◆ What this task involves: Without including any image, retype the records word for word.

[Items listed in a dataset]
"""

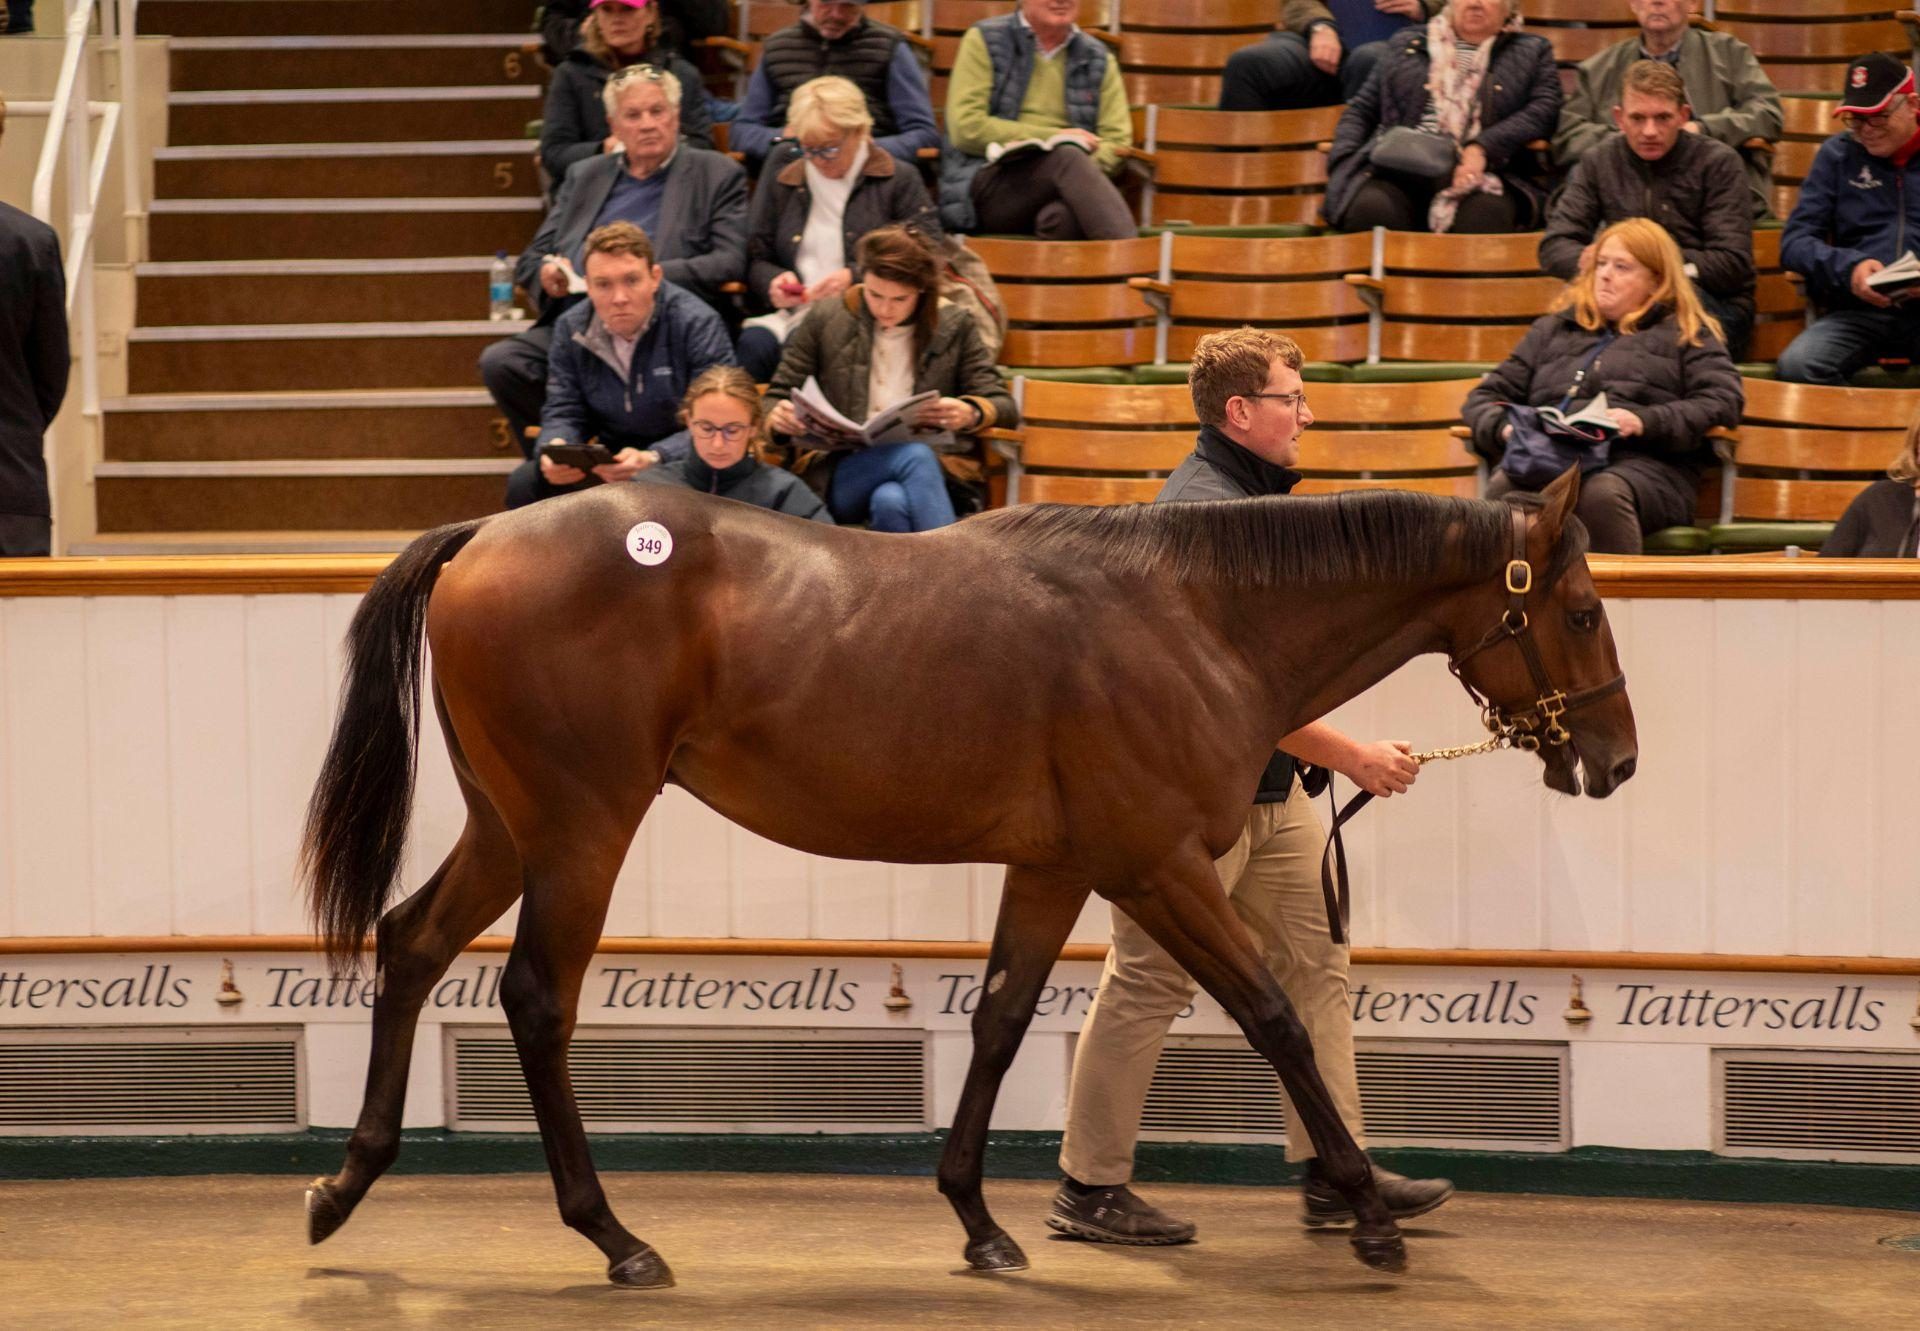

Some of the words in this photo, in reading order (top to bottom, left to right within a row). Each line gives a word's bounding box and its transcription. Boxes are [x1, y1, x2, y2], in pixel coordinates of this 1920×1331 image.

[503, 51, 523, 79] 6
[493, 161, 513, 190] 5
[489, 416, 512, 449] 3
[636, 536, 662, 555] 349
[0, 964, 192, 1009] ttersalls
[600, 967, 859, 1012] Tattersalls
[1349, 980, 1539, 1025] tersalls
[1615, 984, 1886, 1032] Tattersalls

"""

◆ Result:
Some of the words in this photo, in reading order (top to bottom, left to right within a row). Each line gives a word's bounding box and its transcription. Boxes are [x1, y1, x2, y2], in pixel coordinates of this 1920×1331 image.

[503, 51, 523, 79] 6
[493, 161, 513, 190] 5
[489, 416, 512, 449] 3
[636, 536, 662, 555] 349
[0, 964, 192, 1009] ttersalls
[600, 967, 859, 1012] Tattersalls
[1349, 980, 1539, 1025] tersalls
[1615, 984, 1886, 1032] Tattersalls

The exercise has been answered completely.